I
El automóvil avanzó con lentitud los últimos metros, a través de un sendero escoltado por un bosque de chopos que se extendía al menos media hectárea a cada lado. Por el retrovisor, Isabel alcanzó a ver cómo el guardia de seguridad cerraba la enorme puerta de hierro forjado. Un jardinero vestido con un mono verde de trabajo les saludó cuando cruzaron por delante del cuidado jardín de begonias. Un poco más adelante, otro empleado les hacía señas para que se desviaran a la derecha.
– Estamos haciendo una pequeña reforma – les dijo cuando Jaume detuvo el Fiat y se interesó por él –, por favor aparquen junto a aquel edificio – dijo señalando una construcción algo más pequeña que la edificación principal – y reúnanse conmigo junto a la puerta, si son tan amables.
Jaume acató las indicaciones con aire solícito, le dio las gracias y respiró aliviado. Se había sentido algo extraviado después de que abandonaran el extrarradio de Barcelona y se internasen en aquel ramal laberíntico hasta que, finalmente y tras interpretar con ciertas dificultades las ambiguas indicaciones que habían recibido en una anodina carta, se habían encontrado con el sucinto recibimiento de la placa que rezaba «CENTRO HALTER PARA LA RECUPERACIÓN ESPIRITUAL».
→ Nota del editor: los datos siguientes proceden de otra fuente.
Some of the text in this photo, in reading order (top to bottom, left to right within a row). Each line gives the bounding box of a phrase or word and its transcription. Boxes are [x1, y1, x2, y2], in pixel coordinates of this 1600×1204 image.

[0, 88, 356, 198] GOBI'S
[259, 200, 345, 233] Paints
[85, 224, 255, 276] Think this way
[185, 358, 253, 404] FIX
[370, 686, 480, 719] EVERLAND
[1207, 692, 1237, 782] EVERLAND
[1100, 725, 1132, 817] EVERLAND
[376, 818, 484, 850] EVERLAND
– Ya hemos llegado… – dijo lacónicamente Jaume mientras accionaba el freno de mano – ¿Te encuentras bien?
– Sí, no te preocupes – respondió la mujer, esforzándose por sonreír.
– Isabel, antes de que entremos quiero que sepas…
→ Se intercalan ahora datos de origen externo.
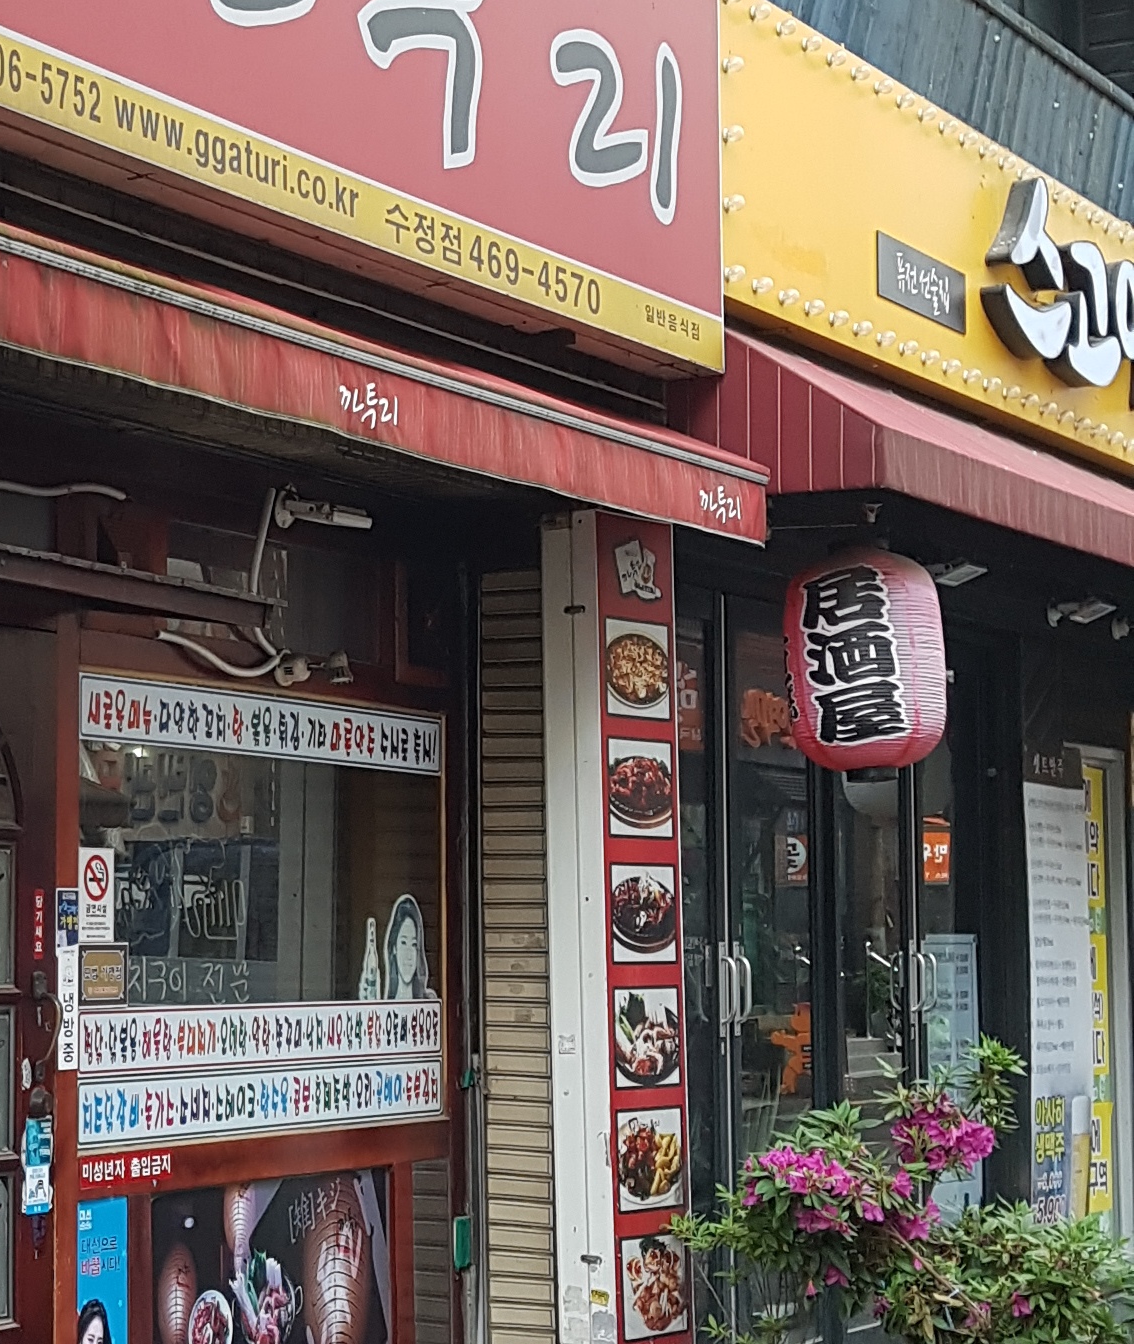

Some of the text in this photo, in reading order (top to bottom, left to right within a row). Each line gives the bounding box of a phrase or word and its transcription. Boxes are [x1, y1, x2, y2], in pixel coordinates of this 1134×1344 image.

[114, 93, 360, 219] www.ggaturi.co.kr
[644, 302, 702, 342] 일반음식점
[82, 1153, 171, 1183] 미성년자 출입금지
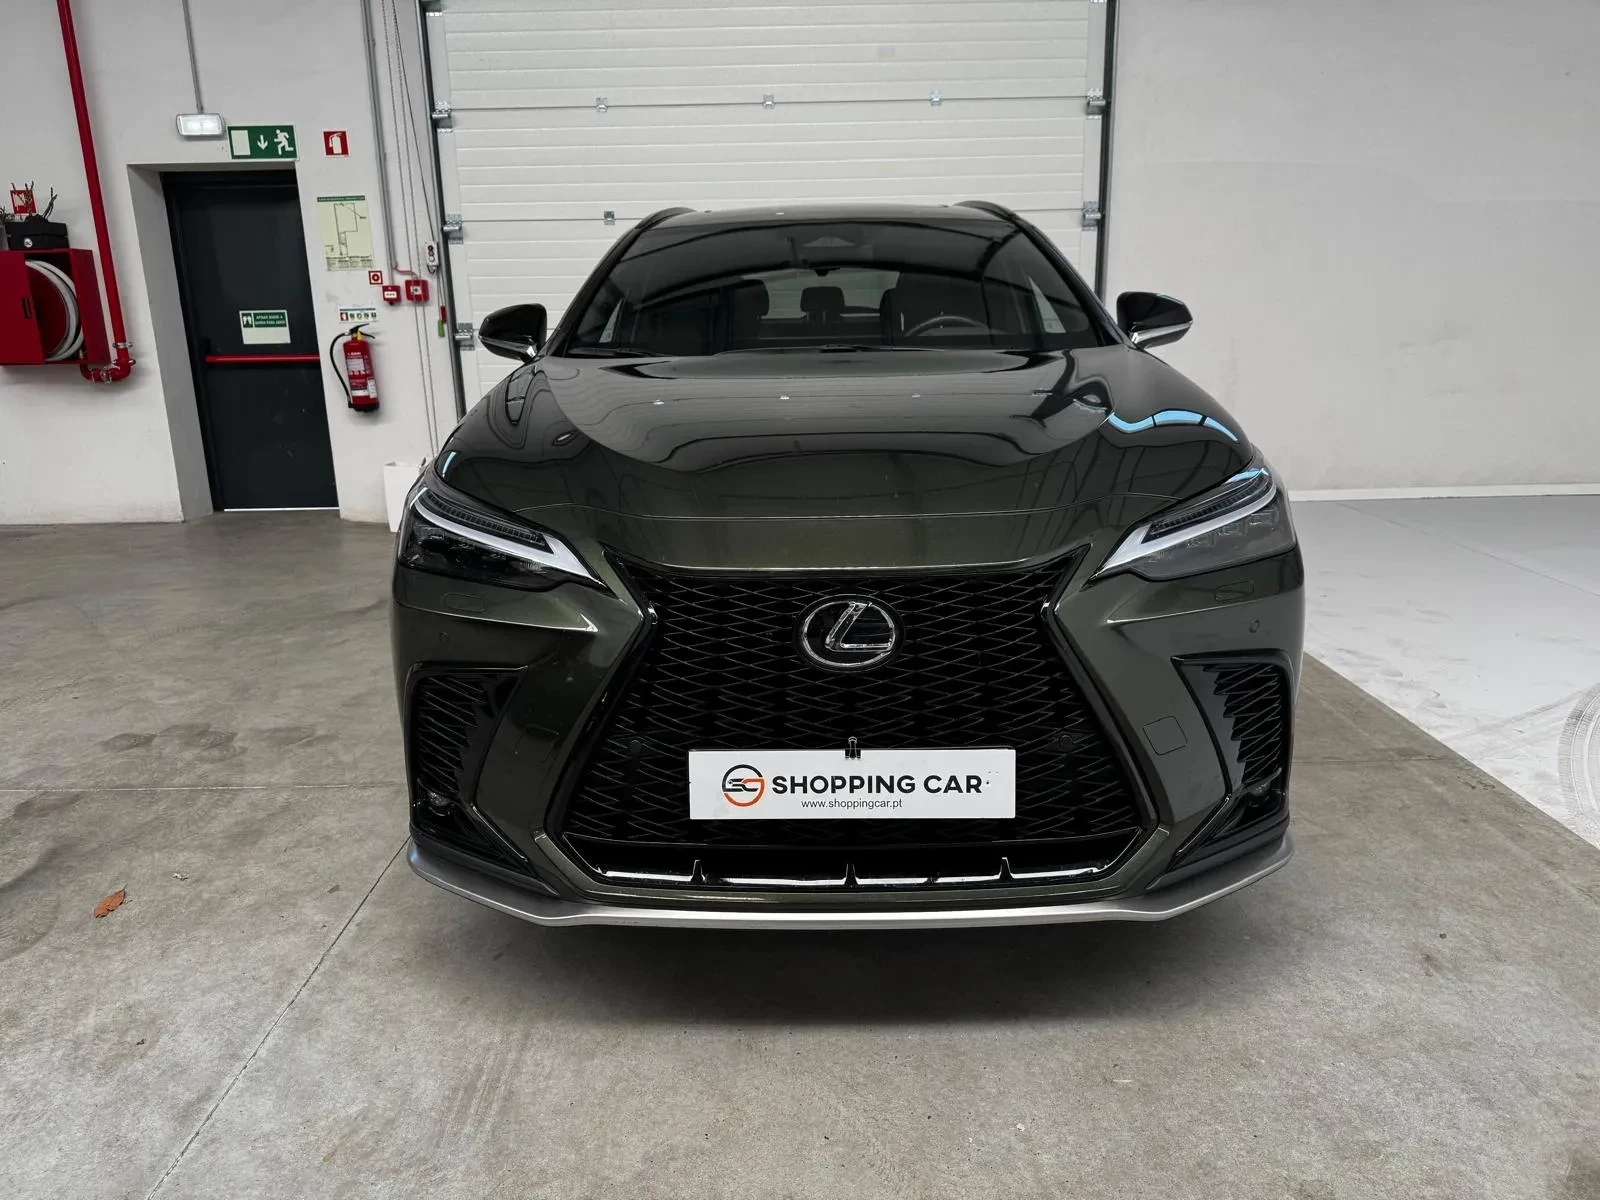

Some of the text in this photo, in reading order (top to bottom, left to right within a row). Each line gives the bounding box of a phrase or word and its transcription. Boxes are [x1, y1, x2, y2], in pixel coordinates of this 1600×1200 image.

[772, 775, 983, 794] SHOPPING CAR
[801, 798, 902, 810] www.shoppingcar.pt
Ella le miró, le acarició levemente la barbilla con los dedos y no permitió que su marido continuara hablando.
– Deberías afeitarte – musitó – y lo sé – añadió –, yo también te quiero.
Continuaron mirándose en silencio durante unos instantes, sin volver a tocarse, ambos con miedo a que un abrazo o cualquier otro gesto cercano desencadenara una nueva tormenta de lágrimas y disculpas, de arrepentimientos y reproches que en ningún caso afectaría a la inmutable realidad de sus vidas.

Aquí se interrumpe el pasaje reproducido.